W ell, this is craptastic.

Yes. Craptastic .

How else do I describe chucking all my post-graduation eggs into a Dublin law firm’s marketing coordinator position? And spoiler alert, only to not get the job I’m way over-qualified for but desperately need to give my resume a distinguished glow-up to launch my career into corporate America’s high-flier travel industry.

What a world we live in. Where fully packed resumes, sporting flying colors in academic achievement and esteemed summer internships still don’t carry enough va va voom . And rosy as my references may be, the cutthroat reality is that foreign work experience is a necessity to even get me to Continental Air’s doormat—better known as the company I’ve been LinkedIn-stalking since I was twelve.

I should’ve taken that Santander job when I studied a semester in Sevilla. In my defense, Spanish Culture 301 feat. Food and Film was a bit more enticing than donning the ever-alluring and wrinkle-prone bank teller button-up in the Iberian Peninsula. At the time, I’d figured I’d be a shoo-in for the next opportunity that came around—wrong. I guess being 20 percent Irish doesn’t mean much these days. How could my people do this to me!

Still, if I’d chosen the latter option in Spain, I probably would’ve avoided this floundering situation: splayed out on my childhood bed, analyzing my overconfidence when it comes to job applications, while my bichpoo, Zelda, casts me a sleepy-eyed glance to signal it’s dinnertime.

I stare up at the glow-in-the-dark stars covering the ceiling, and it temporarily distracts from the hauntingly dichotomous belongings collecting along the room’s perimeter. Like the plastic bins that’ve gobbled my college dorm’s contents. One Direction cardboard cutouts from my middle school heydays. Frayed stuffed animals that I refuse to part ways with no matter how hard Mom tries to pry them from my hands.

And as much as I’d like to indulge in yet another evening of scouring the online job boards, blasting a ’90s rom-com or Planet Earth documentary in the background to keep me sane, I’ve got to make myself presentable for this—sigh—date. Yes, the Kat McLauren is going on a date. It’s been twenty-two years, so better late than never, right?

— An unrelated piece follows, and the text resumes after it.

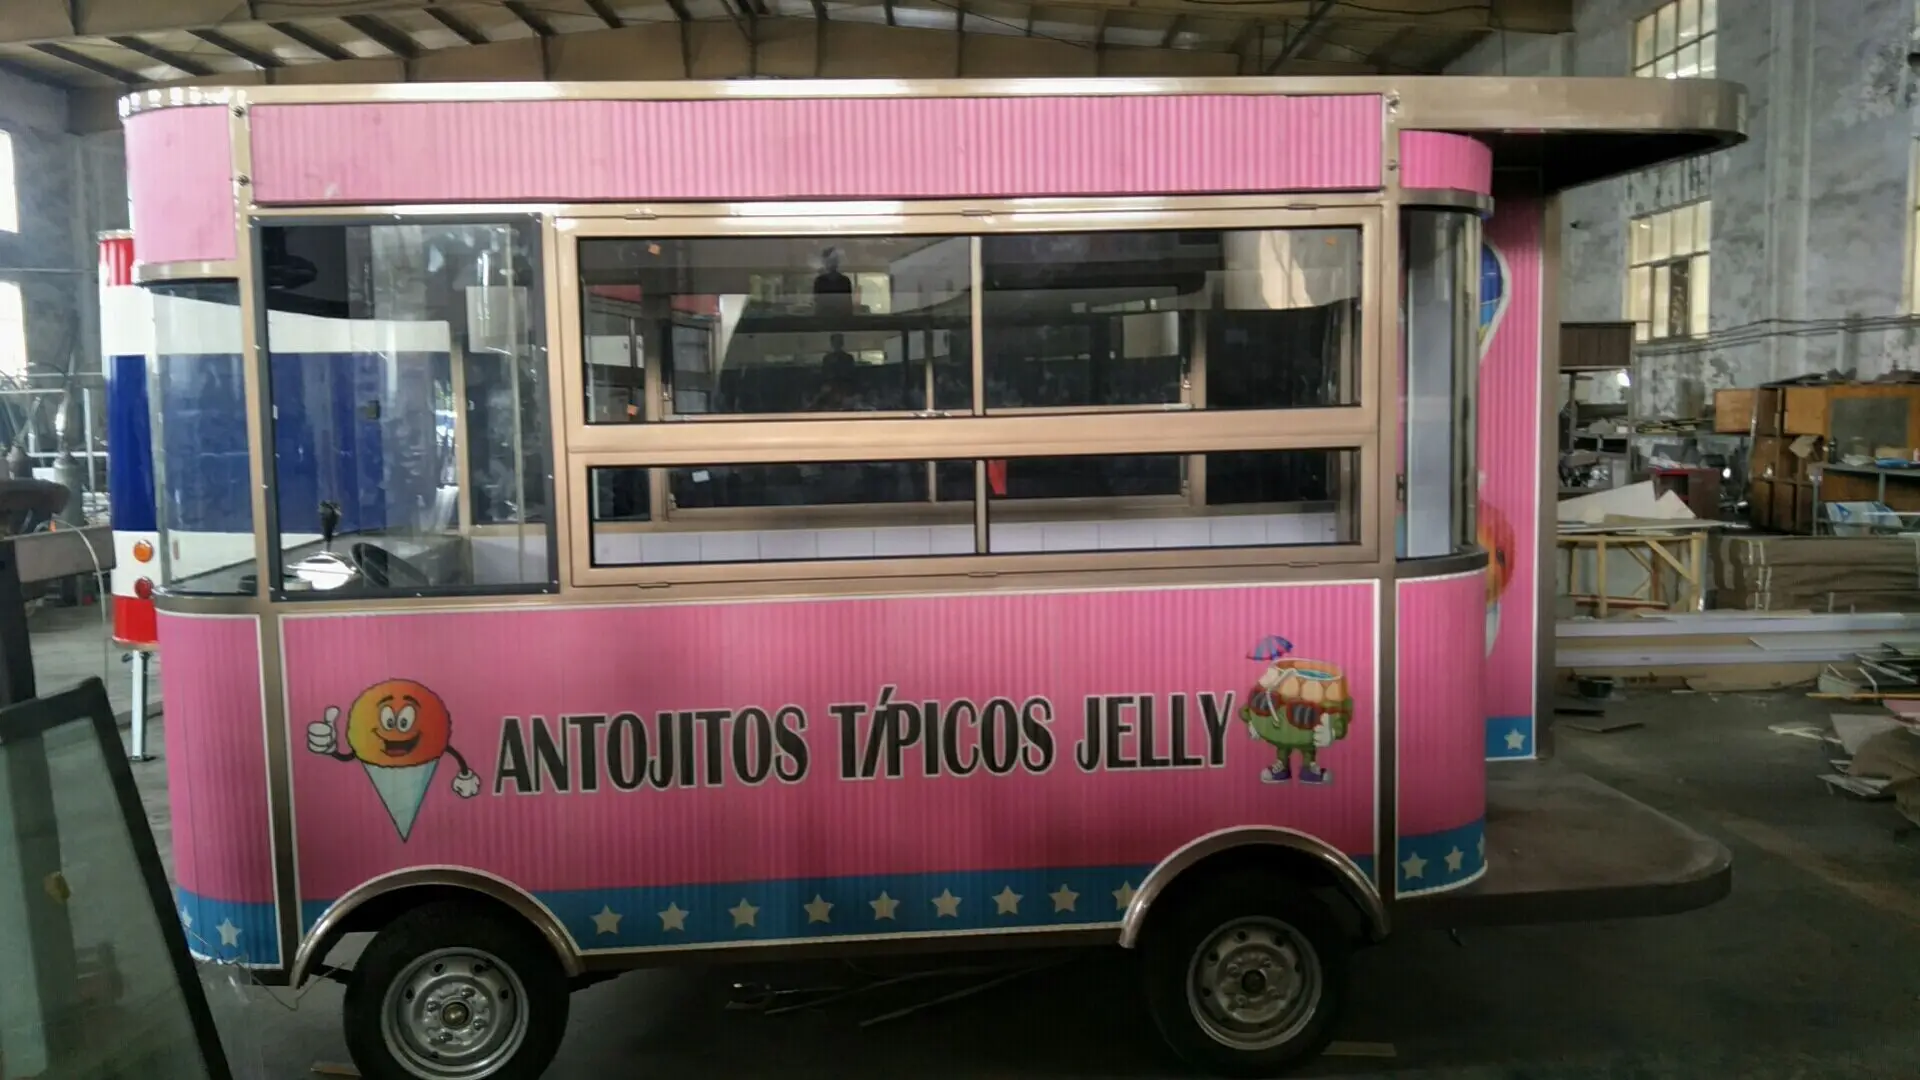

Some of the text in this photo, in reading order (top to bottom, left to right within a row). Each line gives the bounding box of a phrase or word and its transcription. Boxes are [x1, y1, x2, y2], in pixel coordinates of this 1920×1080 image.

[493, 685, 1235, 796] ANTOJITOS TÍPICOS JELLY

I’d be lying if I said it wasn’t on my mind all week. Like my brain had been marinating in a deliciously potent cocktail dishing up buzzing delight and cloying dread. Love that for me.

So, even though my back wants to glue itself to my third-grade butterfly sheets for eternity, come hell or New England beach traffic, I’m not gonna show up a sniveling mess. Besides, the ride there and back will give me ample time to course-correct this barely budding career of mine. That’s the secret to ten-year plans: failure is not an option, especially for this summa cum laude destined for a corner office with a view of the country’s most prestigious airline.

* * *

Showing up twenty minutes early for this devilishly normalized form of mate selection comes with its perks. Relaxing into a weather-worn bench on the lawn beside the town’s yacht club, I drink in the sight.

The shipyard is peaceful tonight. Melting into an electric orange horizon, the sun casts its last rays across a sailboat-studded cove. Twilight’s cool air blows off the Atlantic as the water’s gentle rippling hints of winds beyond the herd of boats bobbing around Hyannis Port.

For a moment, my focus cascades into the evening’s serenity, capturing the scene in my memory—only mildly cursing for leaving my Canon at home.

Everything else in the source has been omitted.